Are your marketing channels being properly managed, or are you blind to potential disaster? Read on to see how you can tell the difference.
Marketing channel management (MCM) is a lot like juggling. You have to keep multiple things in motion, it takes years of practice to get right, and the only time people are paying attention is when you’ve dropped it all.
But that’s where the similarities end.
Are you ready for the biggest difference?
Companies can have thriving or suffering MCM campaigns, but without careful monitoring it’s impossible to determine how yours is doing, and why.
3 simple steps to fixing your MCM
How can you make sure your marketing channel management is actually working? Simple: follow these three main steps.

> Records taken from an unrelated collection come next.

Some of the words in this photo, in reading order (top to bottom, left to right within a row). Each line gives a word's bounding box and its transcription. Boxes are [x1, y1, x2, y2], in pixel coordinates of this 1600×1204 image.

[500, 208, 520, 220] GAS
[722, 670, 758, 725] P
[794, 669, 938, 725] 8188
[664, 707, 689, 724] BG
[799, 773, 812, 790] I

1. Make sure what you’re measuring is related to your goals
This might seem pretty simple, but according to a 2018 Gartner survey, this is something many companies struggle with.

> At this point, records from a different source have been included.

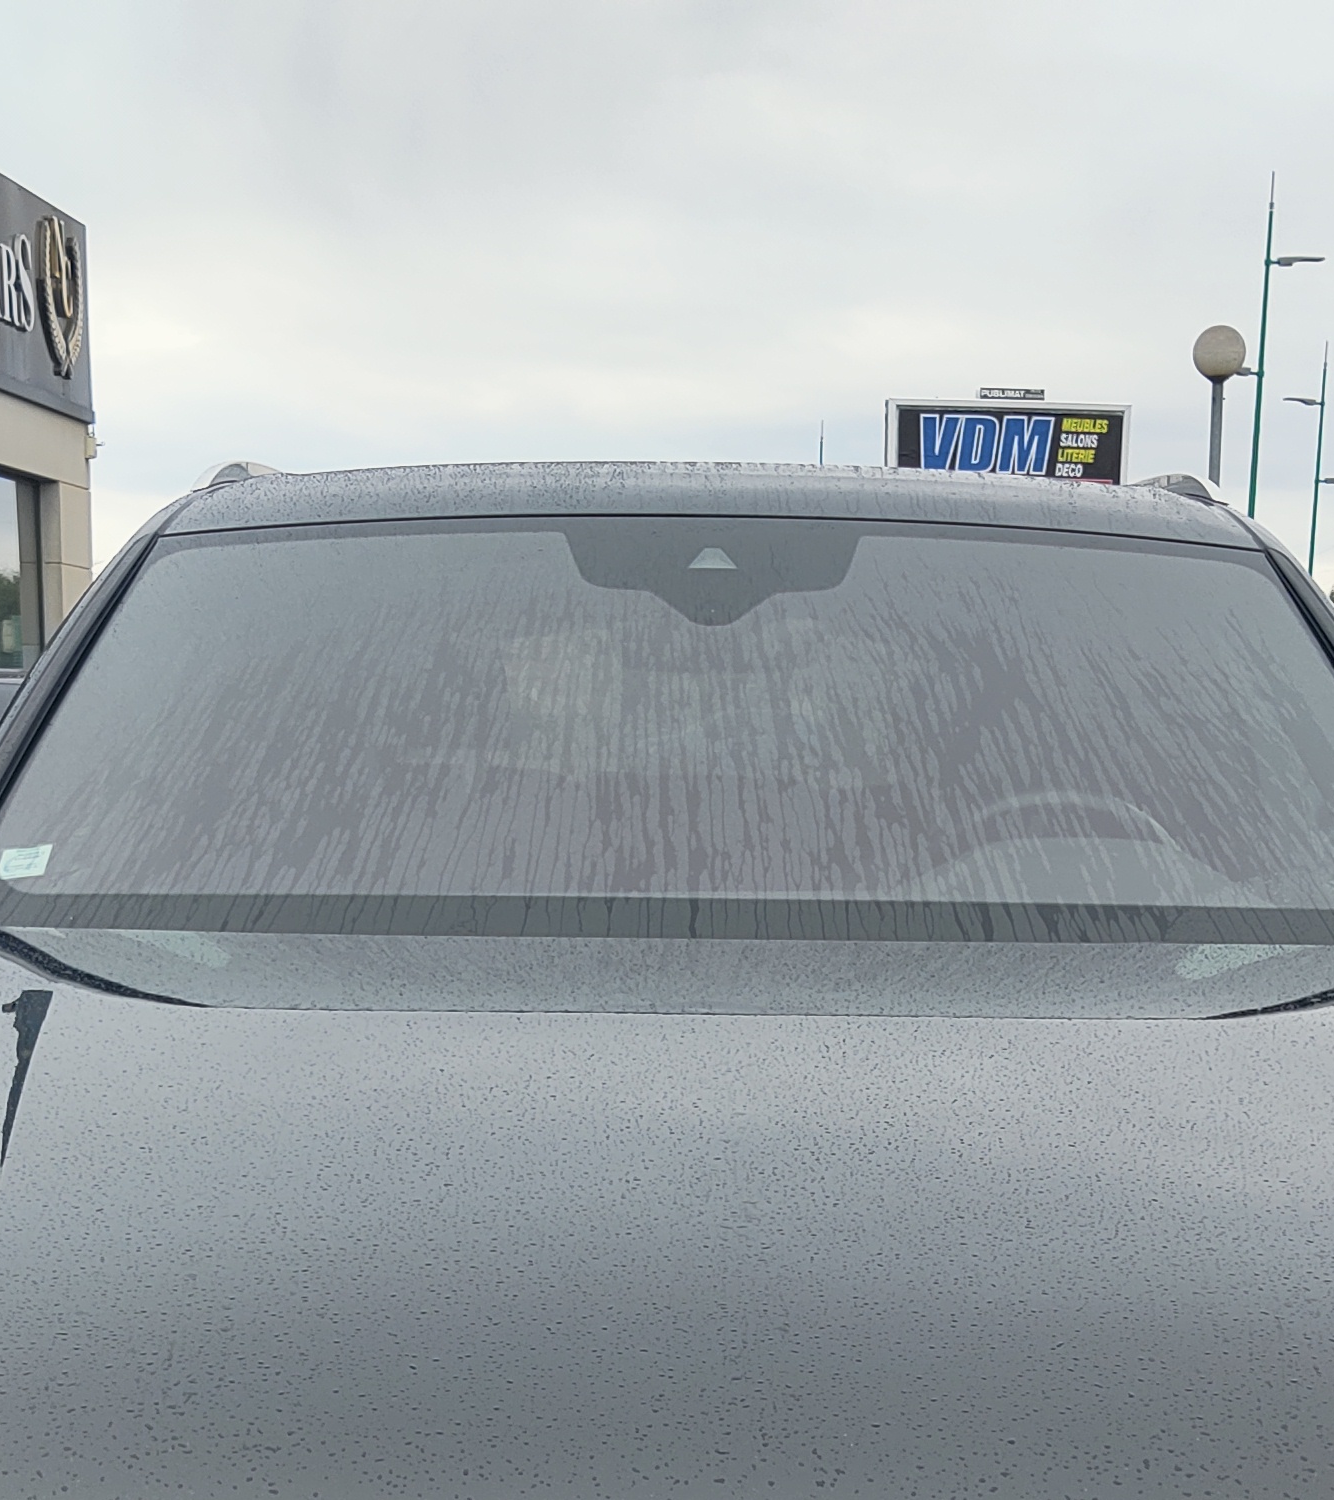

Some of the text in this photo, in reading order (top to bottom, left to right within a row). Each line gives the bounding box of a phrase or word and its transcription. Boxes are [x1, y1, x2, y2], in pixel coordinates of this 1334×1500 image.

[1061, 418, 1109, 433] MEUBLES
[920, 413, 1055, 475] VDM
[1059, 433, 1098, 448] SALONS
[1057, 448, 1095, 463] LITERIE
[1055, 463, 1083, 477] DECO
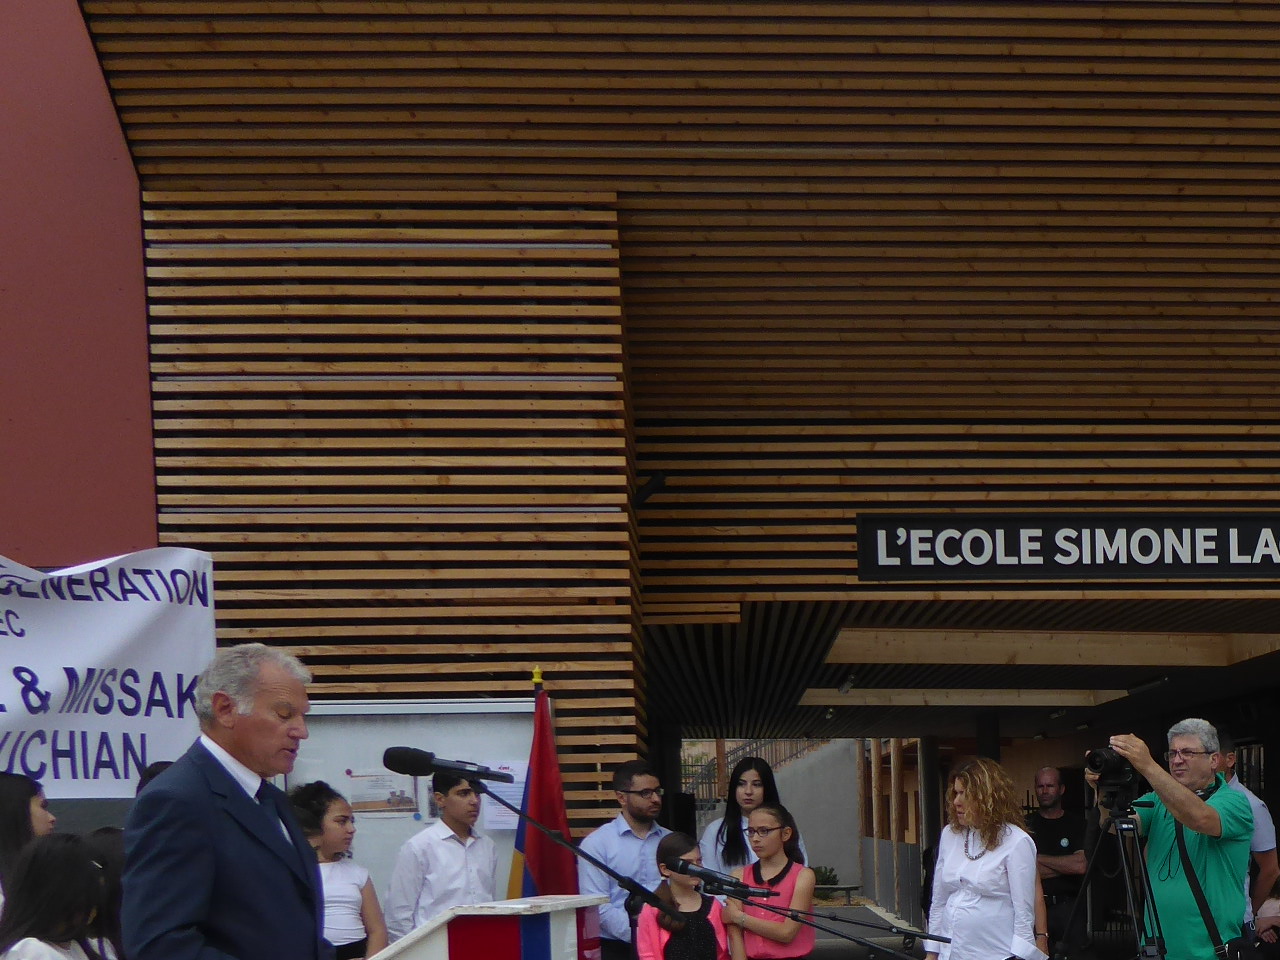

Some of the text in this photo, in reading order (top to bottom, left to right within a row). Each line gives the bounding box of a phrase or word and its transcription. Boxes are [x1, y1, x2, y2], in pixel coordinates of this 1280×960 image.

[877, 527, 1044, 566] L'ECOLE
[1054, 527, 1219, 566] SIMONE
[13, 666, 51, 715] &

Just look at this chart showing the objectives of different multichannel marketers:
Far and away, the most important goal for a multichannel marketer is improving lead quality.

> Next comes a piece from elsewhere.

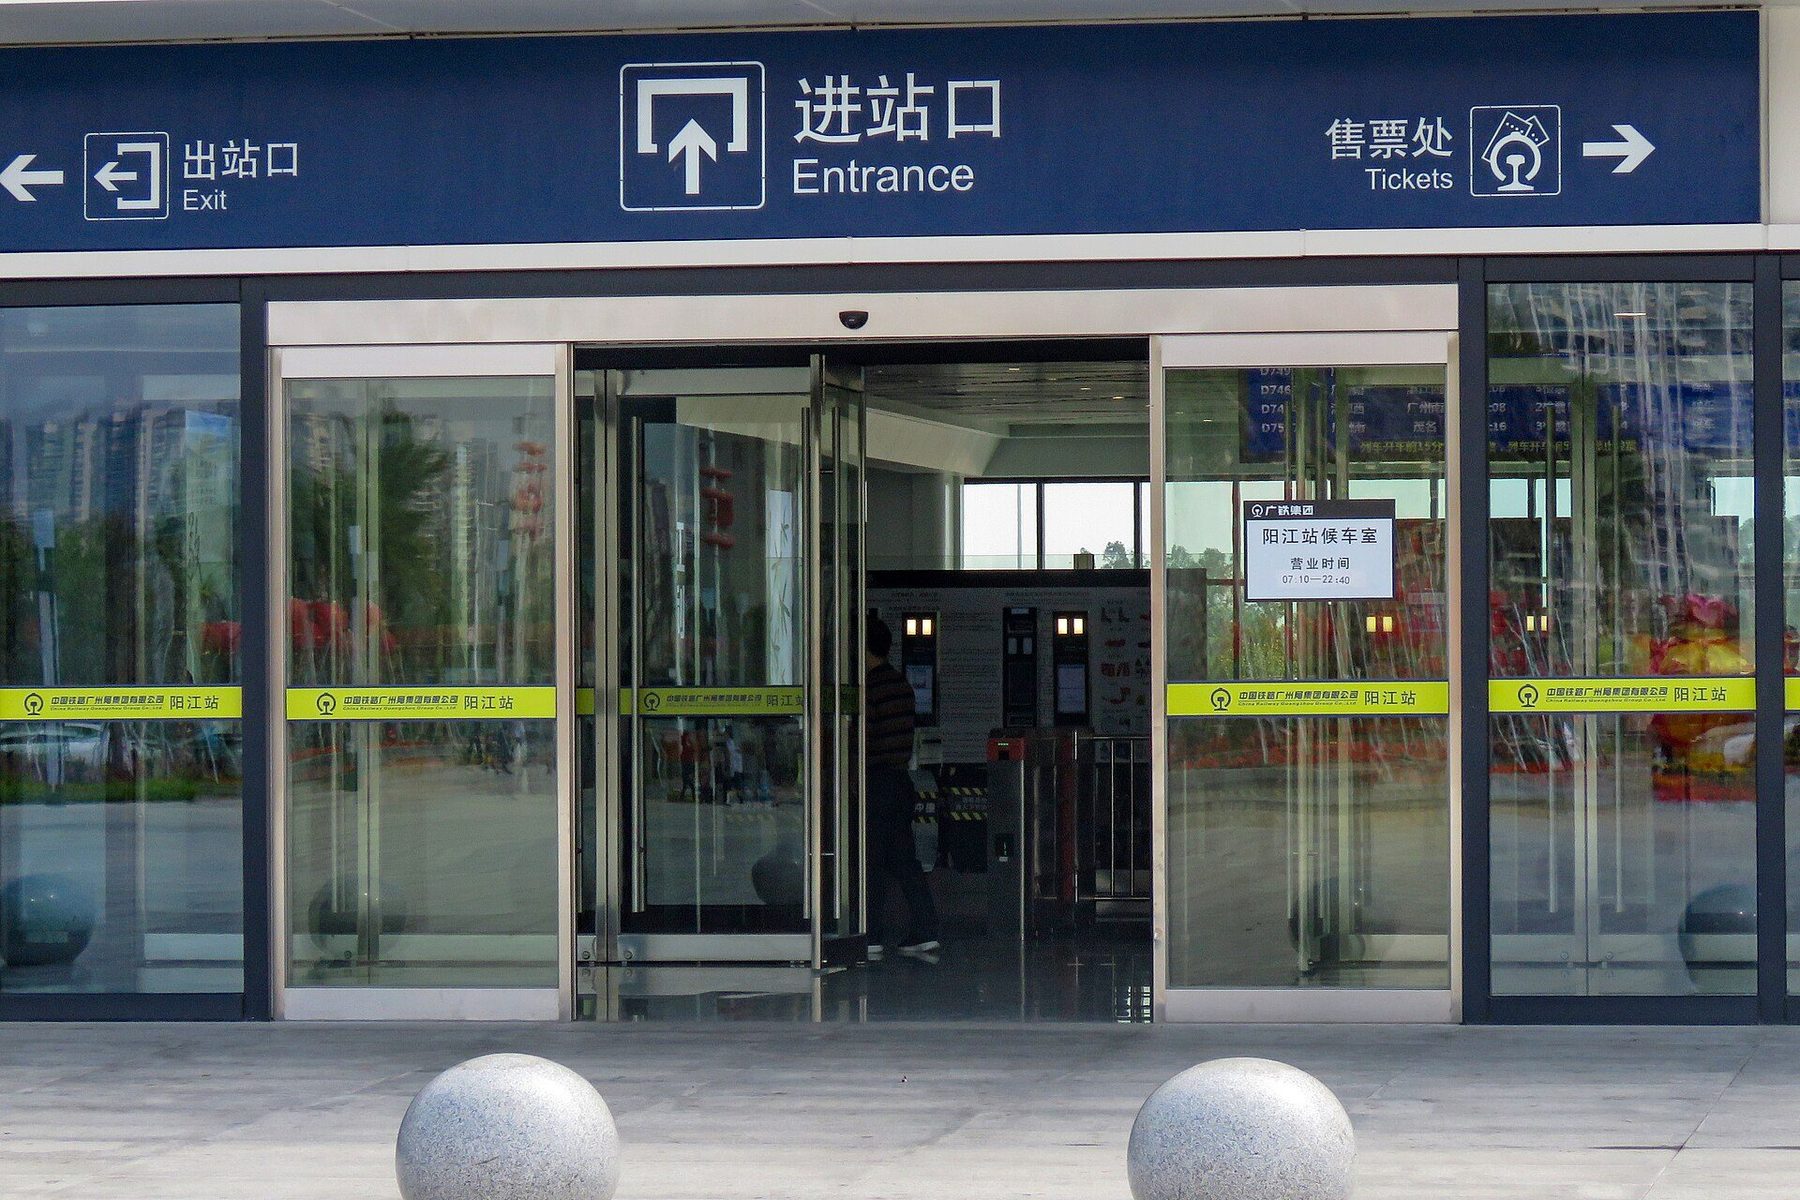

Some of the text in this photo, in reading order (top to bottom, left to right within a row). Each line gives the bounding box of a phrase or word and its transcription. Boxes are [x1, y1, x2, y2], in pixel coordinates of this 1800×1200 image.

However, that same survey found that the most common metric for a successful multichannel marketing campaign is customer satisfaction: 19.6% of respondents cited it as the most important key performance indicator (KPI), more than double the respondents who ranked lead quality first.
If your goal is to improve your lead quality but you’re measuring your success based on customer satisfaction, how are you going to be able to tell if you’re meeting that goal?
Short answer: You aren’t.
Our recommendation: Look at all of the multichannel marketing campaigns you’ve run in the past and how you measured their success. Now look at all of your company’s goals for this year, and see what measurements overlap with those goals.
Stop measuring everything else and focus on the measurements that track the success of your company’s goals. And if you aren’t measuring something that you need to determine the success of your goals? Well, you know what to do.
2. Focus on your customers and use their data appropriately
There’s a reason all of those surveyed businesses use customer satisfaction as a metric for success. It yields actual results.
In that same survey, Gartner found that 26% of companies that focused on their customers saw a significant improvement in conversion rate by channel and 27% saw a significant improvement in the average value for each order between 2017 and 2018.
The easiest way to improve customer satisfaction is by knowing as much as you can about them; i.e., understanding your available customer data. But how exactly do you do properly manage all of that?
By following two simple rules:
- Invest heavily in customer data management.
- Focus your investments on both data management and personalization software.
Our recommendation: Invest in multiple tools for both data management and personalization; 50% of your competitors have two or more tools for each of the following subcategories:
- Data management
- Data collection
- Customer profile unification
- Rules-based segmentation
- Prediction and decisioning
These investments will render your multichannel marketing more effective, while also improving your customers’ experience by valuing their time and creating more cohesive and comprehensive personalization efforts.
3. You don’t need to be involved in everything; focus on bigger impact moments throughout the funnel
Not all marketing moments are created equal. Some moments are significantly more important, and some channels carry more weight.
Social media is great for building awareness, and chatbots are a great tool for the first time a lead visits your website.
But how can you pick which channels to focus on and when? Each one costs money, and now that you know you need to invest in software, how can your business afford everything?
Our recommendation: Cut back on the number of marketing channels you’re using. Some of them don’t merit your time, content, and resources for the amount of impact they have.
The average number of channels companies use? Seven. Any more than that is too much. Focus on your best-performing channels for each funnel stage to free up time and resources for software investments and bigger-impact channels.
This will also make room to focus on making a stronger case for real-time engagement, which can help set you apart from your competition.
More tips for your marketing channel management efforts
These first steps will set you on the road to improving your marketing channel management strategy. Building a successful MCM takes time and effort, but doing so is the only way your business will survive.
No pressure, though! We’ve got plenty more resources to help you along the way:
Gartner’s Multichannel Marketing Survey explored how companies use insights-driven approaches to deliver relevant, personalized conversations, as well as how they leverage technology, techniques and timing to make customer data actionable, attributable and privacy-compliant in the context of broader business goals.
The survey was conducted online by an external partner, between November 2018 and January 2019 among 381 respondents, which included US (n=218, 58%), Canada (n=66, 17%) and the UK (n=97, 26%); Respondents were required to have involvement in decisions pertaining to their company’s multichannel management strategy and execution. Respondents also were required to direct responsibility over at least 3 digital channels. Seventy-nine percent of the respondents came from organizations with $1 billion or more in annual revenue. The respondents came from a variety of industries: financial services (82 respondents), high tech (88 respondents), manufacturing (44 respondents), consumer products (32 respondents), media (13 respondents), retail (61 respondents), healthcare providers (31 respondents) and travel and hospitality (30 respondents).
The survey was developed collaboratively by a team of Gartner analysts who follow Marketing and was reviewed, tested and administered by Gartner’s Research Data Analytics team.
Disclaimer: Results of this study do not represent global findings or the market as a whole but are a simple average of results for the targeted countries, industries and company size segments covered in this survey.